Reinfelder betont, dass sie als Ortsvorsitzende der CSU in Gaustadt nicht abgewählt worden sei, sondern erklärt habe, für das Amt nicht mehr zur Verfügung zu stehen. Dies sei am Dienstag der erste Schritt gewesen. Am Donnerstagabend erfolgte der zweite.

In einer Pressemitteilung bedauern der CSU-Kreisvorsitzender Lange und Fraktionsvorsitzender Helmut Müller den Austritt Reinfelders. Es sei immer betrüblich, wenn engagierte Mitglieder verloren gingen. Allerdings sei die Zusammenarbeit mit Reinfelder in den zurückliegenden Jahren "nicht immer einfach und harmonisch verlaufen". Insbesondere ihr Austritt aus der CSU-Stadtratsfraktion habe "einen Bruch herbeigeführt, der nicht mehr zu kitten gewesen" sei.

Reinfelder wirft Lange dagegen in ihrem Schreiben "Ausgrenzung und permanentes Mobbing" und Hinterzimmerpolitik vor. "Die CSU verdient mich nicht, weder meinen Fleiß noch meine Zeit!", erklärt Reinfelder. "Die CSU einstmals eine starke und einflussreiche Größe in der Bamberger Parteienlandschaft ist zu einer kleinen Truppe geschrumpft, die bei den Bürgern immer mehr an Ansehen verloren hat", schreibt Reinfelder in ihrem Abschiedsbrief an den Kreisvorsitzenden. Nun gehe es nicht mehr um Inhalte, sondern nur noch um Macht, Einfluss und Posten. Sachthemen, die die Bürger wirklich berührten blieben dabei auf der Strecke.

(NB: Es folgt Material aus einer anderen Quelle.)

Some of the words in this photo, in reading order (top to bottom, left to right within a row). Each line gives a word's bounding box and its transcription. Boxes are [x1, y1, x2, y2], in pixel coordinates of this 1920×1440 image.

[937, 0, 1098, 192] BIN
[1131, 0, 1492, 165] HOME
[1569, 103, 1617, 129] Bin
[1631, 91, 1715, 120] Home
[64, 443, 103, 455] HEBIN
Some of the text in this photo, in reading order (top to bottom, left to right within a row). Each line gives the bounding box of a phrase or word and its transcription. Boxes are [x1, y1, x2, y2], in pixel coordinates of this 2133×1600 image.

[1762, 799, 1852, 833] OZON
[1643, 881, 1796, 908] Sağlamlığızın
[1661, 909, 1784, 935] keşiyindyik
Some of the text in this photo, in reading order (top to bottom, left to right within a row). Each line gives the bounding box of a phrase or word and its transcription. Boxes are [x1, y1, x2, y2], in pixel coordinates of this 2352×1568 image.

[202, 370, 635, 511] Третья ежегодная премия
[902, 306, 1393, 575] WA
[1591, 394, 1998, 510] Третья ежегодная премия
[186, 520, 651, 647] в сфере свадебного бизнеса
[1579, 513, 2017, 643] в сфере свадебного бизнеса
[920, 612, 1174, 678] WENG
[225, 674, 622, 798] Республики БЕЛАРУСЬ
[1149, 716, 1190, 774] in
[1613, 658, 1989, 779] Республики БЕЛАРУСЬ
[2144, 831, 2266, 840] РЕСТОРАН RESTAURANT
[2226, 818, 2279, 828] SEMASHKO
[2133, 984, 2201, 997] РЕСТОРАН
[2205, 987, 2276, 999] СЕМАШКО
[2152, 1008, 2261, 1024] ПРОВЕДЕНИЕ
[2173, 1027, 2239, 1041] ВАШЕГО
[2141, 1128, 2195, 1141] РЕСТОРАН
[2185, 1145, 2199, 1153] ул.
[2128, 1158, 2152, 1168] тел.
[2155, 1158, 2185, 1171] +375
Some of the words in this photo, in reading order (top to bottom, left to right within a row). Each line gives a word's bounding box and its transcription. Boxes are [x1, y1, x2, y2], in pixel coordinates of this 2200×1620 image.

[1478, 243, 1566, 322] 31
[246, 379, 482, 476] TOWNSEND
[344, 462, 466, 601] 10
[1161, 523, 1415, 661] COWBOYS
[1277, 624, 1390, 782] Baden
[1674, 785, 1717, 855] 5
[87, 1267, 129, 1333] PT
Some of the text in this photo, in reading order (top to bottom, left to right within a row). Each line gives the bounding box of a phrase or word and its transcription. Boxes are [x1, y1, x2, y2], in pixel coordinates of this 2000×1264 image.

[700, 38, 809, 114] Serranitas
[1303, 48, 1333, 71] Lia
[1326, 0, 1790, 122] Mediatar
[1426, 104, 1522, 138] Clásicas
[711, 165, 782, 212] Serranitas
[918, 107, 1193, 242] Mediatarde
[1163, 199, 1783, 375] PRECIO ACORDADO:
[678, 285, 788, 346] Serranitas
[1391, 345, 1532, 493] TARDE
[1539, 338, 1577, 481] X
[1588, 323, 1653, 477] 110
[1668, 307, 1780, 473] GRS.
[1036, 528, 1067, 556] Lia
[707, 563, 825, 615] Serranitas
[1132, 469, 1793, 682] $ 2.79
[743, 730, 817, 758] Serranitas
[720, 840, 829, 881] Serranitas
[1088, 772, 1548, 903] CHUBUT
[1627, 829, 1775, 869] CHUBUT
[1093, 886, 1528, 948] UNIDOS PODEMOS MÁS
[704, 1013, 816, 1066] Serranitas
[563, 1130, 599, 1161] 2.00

Reinfelder will ihren Sitz im Finanz- und Personalsenat des Stadtrats behalten, um dort ihre Stimme zu erheben. Sie schließt in ihrem Schreiben auch die Gründung einer neuen Gruppierung nicht aus, die aber keine "One Woman Show" werden solle. Wie Reinfelder dem FT mitteilt, sind gleichzeitig mit ihr auch Norbert Böhmer-Reinfelder und Kaspar Reinfelder aus der CSU ausgetreten.

Der Kreisvorsitzende Christian Lange bezeichnet Reinfelders Rückzug aus Partei und Mittelstandsunion nach ihrem Ausscheiden aus der Fraktion als "konsequent". Für die Mittelstandsunion eröffne sich dadurch die Chance auf einen personellen Neuanfang.